Dominic, sitting in front of a low bookshelf with led lights around the top and a whiteboard to the right, looking down with a hand over my forehead.

Organizations love to amplify busyness. They want everyone to be busy. But you and I both know that busyness does not equal value.

The cult of busyness leads to bad work, half finished projects, and burnout. It is your job as a leader to identify what value your team brings and lift up the individuals who do the work that allows them to bring value, not the amount of time they spend at their desk.

The world rewards value, not time spent | Transcript

This transcript was created automatically using a speech-to-text software and lightly edited by a human. Some errors may still exist.

I’ve been thinking a lot about the quote “The world rewards value provided, not time spent”. Now it’s the internet and it’s hard to attribute where that quote originates. Uh… it’s definitely not my own idea, but I’ve been thinking a lot about that quote. Especially watching the quote-unquote “great resignation” as more and more of us have realized that the company that we work for, the organization that we are putting our time into, they’re not paying us for the amount of time that we spend on that job. Rather they’re paying us for the value that we provide, because that’s what the world rewards. It rewards value.
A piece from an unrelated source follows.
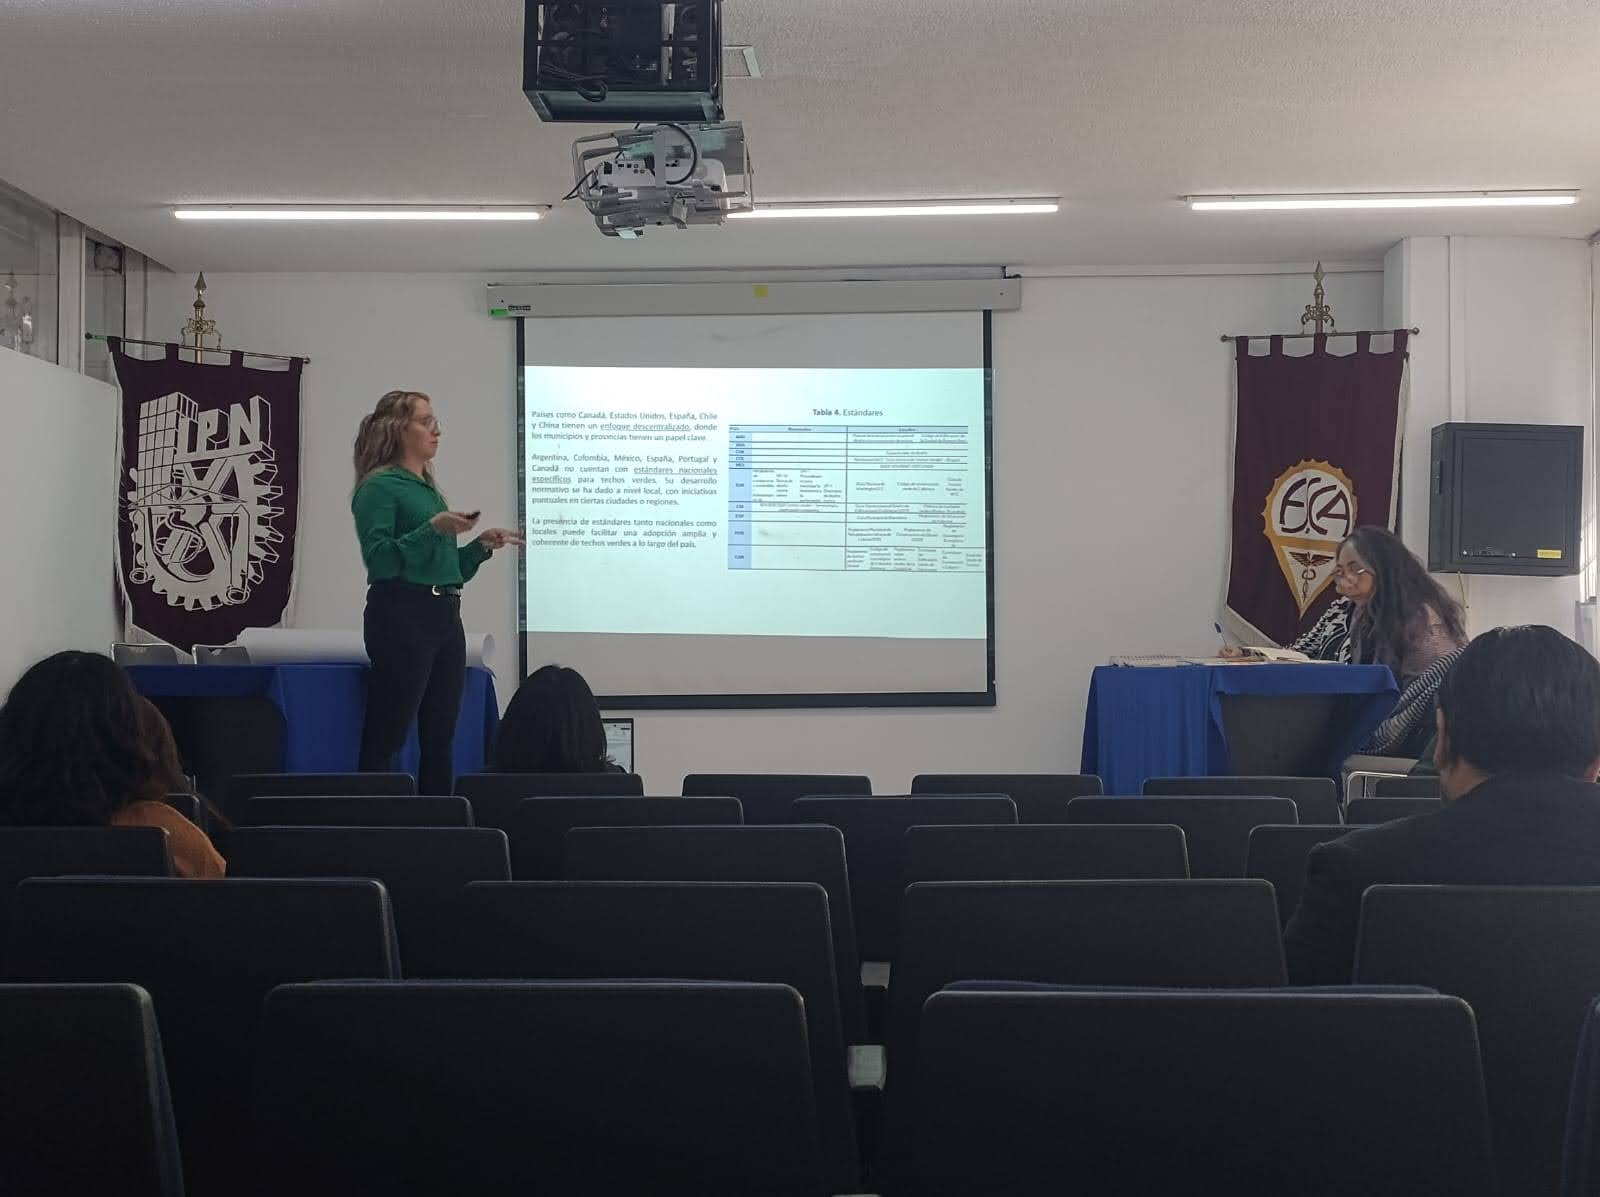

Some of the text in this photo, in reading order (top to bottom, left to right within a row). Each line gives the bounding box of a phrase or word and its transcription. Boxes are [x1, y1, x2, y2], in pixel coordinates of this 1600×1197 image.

[176, 396, 270, 461] IPN
[834, 409, 842, 417] 4.
[842, 409, 884, 417] Estándares
But, there is this expectation that you would have a set amount of time. Eight hours a day, 40 hours a week, but we know that’s not true because the organizations have slowly crept in more and more and more into our personal life. Texts and Slack after hours, answering emails on weekends, having Saturday morning meetings or Thursday evening meetings, doing video chat from our phone while we’re driving… We’re finding more ways that the organization can creep into our personal life and as we’ve been working from home, for those of us that got that opportunity, or for those of us that are still in the office, or on the job, and have realized that me sitting in this chair for eight hours a day doesn’t always mean that’s the value that you’re getting out of me. I’ve, I can do this job in less or more depending on the day.

But, what I really want is, I really want the flexibility and the trust from the organization to work when I need to, at the speed that I need to, and not judge me based on the amount of time that I spend on this job. Rather, the value that I provide. Because, if the organization just needed a seat filler then why did they do nine weeks worth of interviews and… and processing, over five team interviews and proof of work and all this extra stuff they do to “find the right people” if in reality what they wanted was just a seat filler.
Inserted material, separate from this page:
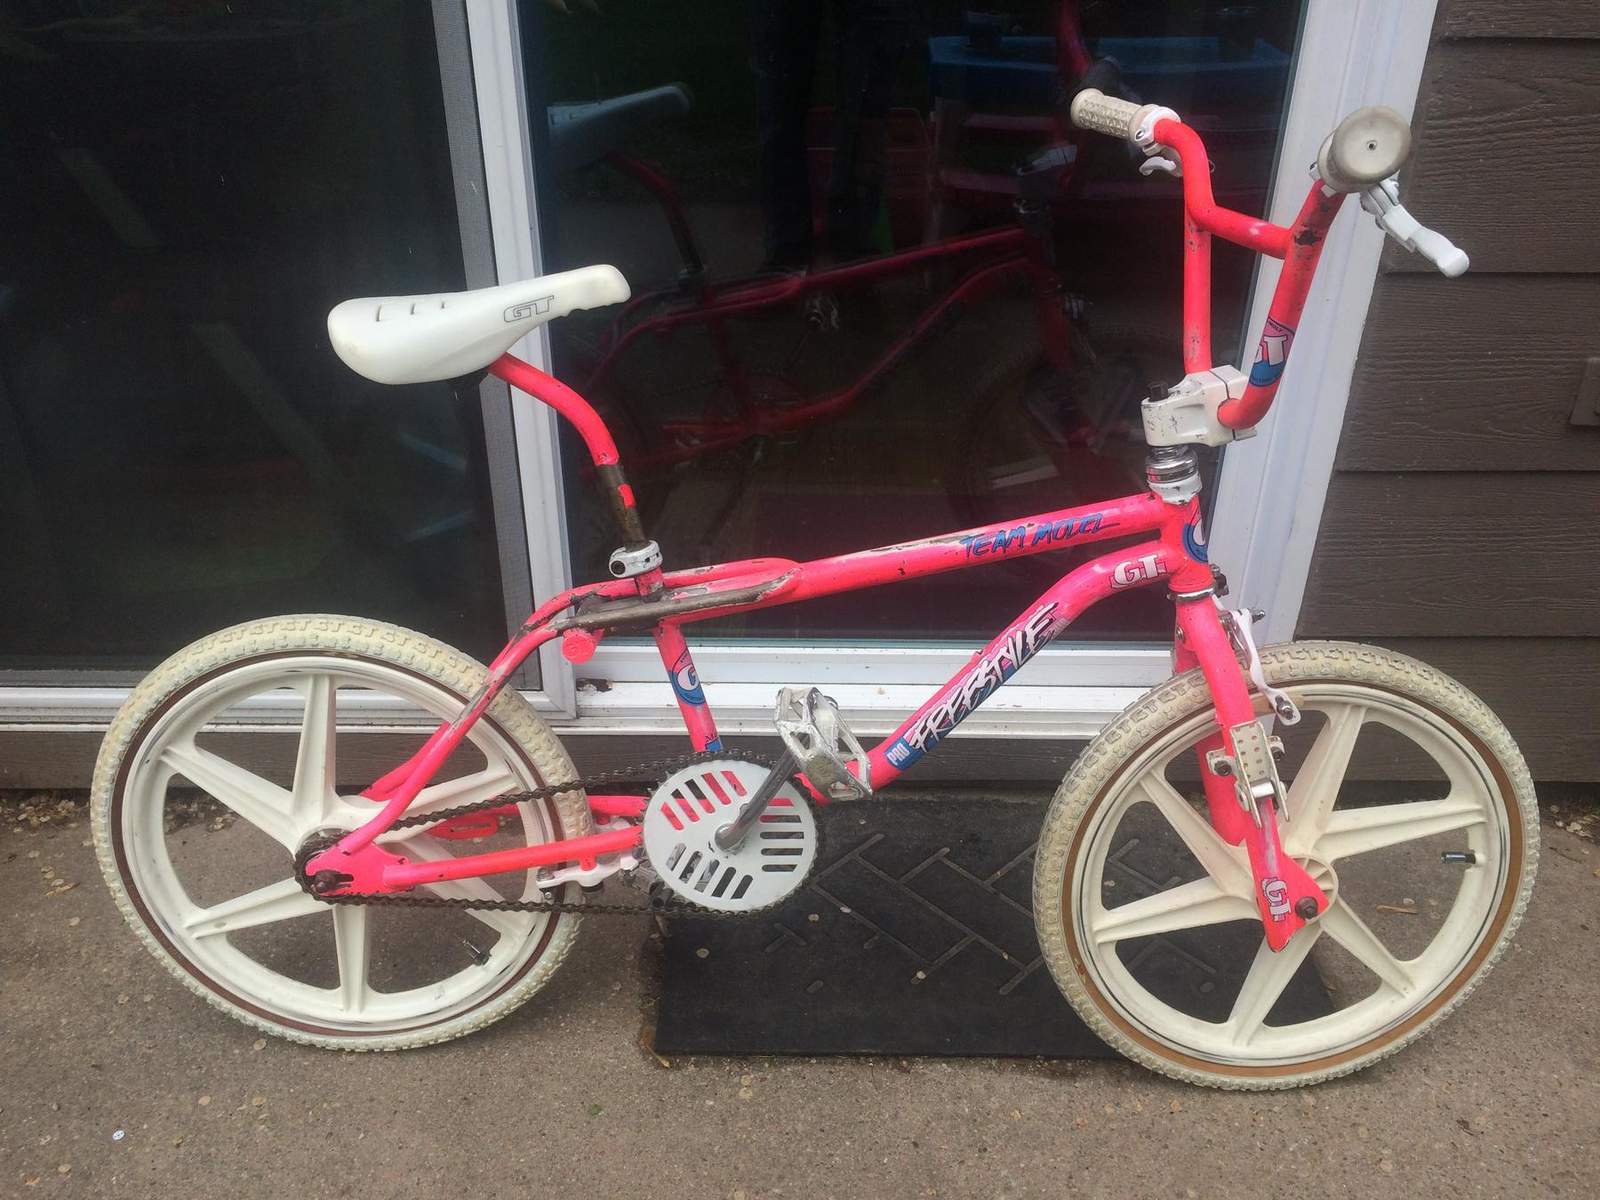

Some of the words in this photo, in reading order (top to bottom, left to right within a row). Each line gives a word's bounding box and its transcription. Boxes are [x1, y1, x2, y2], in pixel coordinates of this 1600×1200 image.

They wanted you because of the value that you provide the job that you do, and that’s really, really important for us as leaders to understand that we need to emphasize the value that our team brings, not the amount of time that they work on something. Just because you put 100 hours into something doesn’t mean it’s going to be successful. It needs to bring value to the person that you’re providing it to. Like, for me in marketing, if I spend 40 hours writing a blog post, or I spend 1 hour writing a blog post, if they drive the same amount of traffic, the 1 hour one was the more cost effective and provided more value to the organization because I spent less time on it. It wasn’t about the amount of time that I did, it’s the value that I provided and we need to, as leaders, need to analyze what is it that our team can do to bring the most value, not spend the most time.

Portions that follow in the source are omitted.